September 22, 2008 - Women with early stage breast cancer who choose lumpectomy and radiation as their treatment option may be able to significantly shorten their total treatment time using three-dimensional conformal radiation therapy (3DCRT) according to new research from the Radiation Therapy Oncology Group (RTOG) presented at ASTRO 2008.
RTOG, an NCI-funded national clinical trials group, is a clinical research component of the American College of Radiology (ACR).
Breast conserving therapy of lumpectomy followed by radiotherapy, with its superior cosmetic result and equivalent survival outcome, is an accepted option instead of mastectomy for many patients with stage I or II breast cancer. A major drawback of standard breast conserving therapy is that it is a more complicated treatment regimen requiring five to seven weeks to complete radiotherapy. Using 3DCRT to more accurately target the radiation and spare uninvolved areas of the breast, RTOG researchers are able to deliver radiation to the tumor bed site in higher doses more quickly thus shortening the post lumpectomy treatment time to one week.
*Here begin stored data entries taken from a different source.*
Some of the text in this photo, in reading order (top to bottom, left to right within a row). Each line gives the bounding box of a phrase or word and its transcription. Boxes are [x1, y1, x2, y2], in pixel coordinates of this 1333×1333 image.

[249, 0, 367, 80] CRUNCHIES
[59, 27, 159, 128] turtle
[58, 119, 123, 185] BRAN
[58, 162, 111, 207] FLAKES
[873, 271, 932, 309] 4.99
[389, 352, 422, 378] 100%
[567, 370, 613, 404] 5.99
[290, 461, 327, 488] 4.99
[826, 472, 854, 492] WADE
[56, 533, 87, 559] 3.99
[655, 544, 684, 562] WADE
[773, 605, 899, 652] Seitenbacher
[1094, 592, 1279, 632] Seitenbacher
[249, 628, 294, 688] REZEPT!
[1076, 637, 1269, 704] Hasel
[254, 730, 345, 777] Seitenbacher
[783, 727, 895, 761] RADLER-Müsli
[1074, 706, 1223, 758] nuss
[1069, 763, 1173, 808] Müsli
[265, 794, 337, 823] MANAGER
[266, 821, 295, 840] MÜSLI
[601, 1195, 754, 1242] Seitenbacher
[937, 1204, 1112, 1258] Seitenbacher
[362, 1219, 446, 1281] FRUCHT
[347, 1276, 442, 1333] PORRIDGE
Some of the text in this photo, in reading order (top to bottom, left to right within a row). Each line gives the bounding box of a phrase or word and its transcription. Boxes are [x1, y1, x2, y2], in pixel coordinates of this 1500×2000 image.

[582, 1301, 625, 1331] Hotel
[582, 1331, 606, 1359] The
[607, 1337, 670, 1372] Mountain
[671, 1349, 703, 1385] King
“These are very preliminary but encouraging results for women who need treatment but who also have families, careers and other factors to consider when deciding on breast conservation therapy for cancer," said Frank Vicini, M.D., chief of oncology, Beaumont Hospitals, Royal Oak, Mich. “We are leading a large, National Cancer Institute-sponsored clinical trial to give us more information on the benefits vs. risks of accelerated breast irradiation in one week compared to standard radiation therapy for up to seven weeks.”
The phase II study, RTOG 0319, enrolled 58 women from 24 academic and community institutions in the U.S. and Canada from August 2003 until April 2004. The women enrolled on the study received 3DCRT twice daily, with each dose separated by six hours, for five consecutive days. Fifty-three of the patients were evaluable for efficacy reporting with a median follow-up of 4.0 years. At four years the disease-free survival rate was 84 percent, mastectomy-free survival was 90 percent, and overall survival was 96 percent. This is comparable to published rates for standard therapy.
“RTOG is able to test innovative treatment options such as accelerated partial breast irradiation with 3DCRT in a wide variety of treatment facilities both in the community and in academic centers. This allows us to respond to the needs of community physicians and moves proven, new therapies into general practice faster,” said Walter J. Curran, Jr., the RTOG Group Chair, and the Lawrence W. Davis Professor and chair of the department of radiation oncology in the Emory School of Medicine and chief medical officer of the Emory Winship Cancer Institute.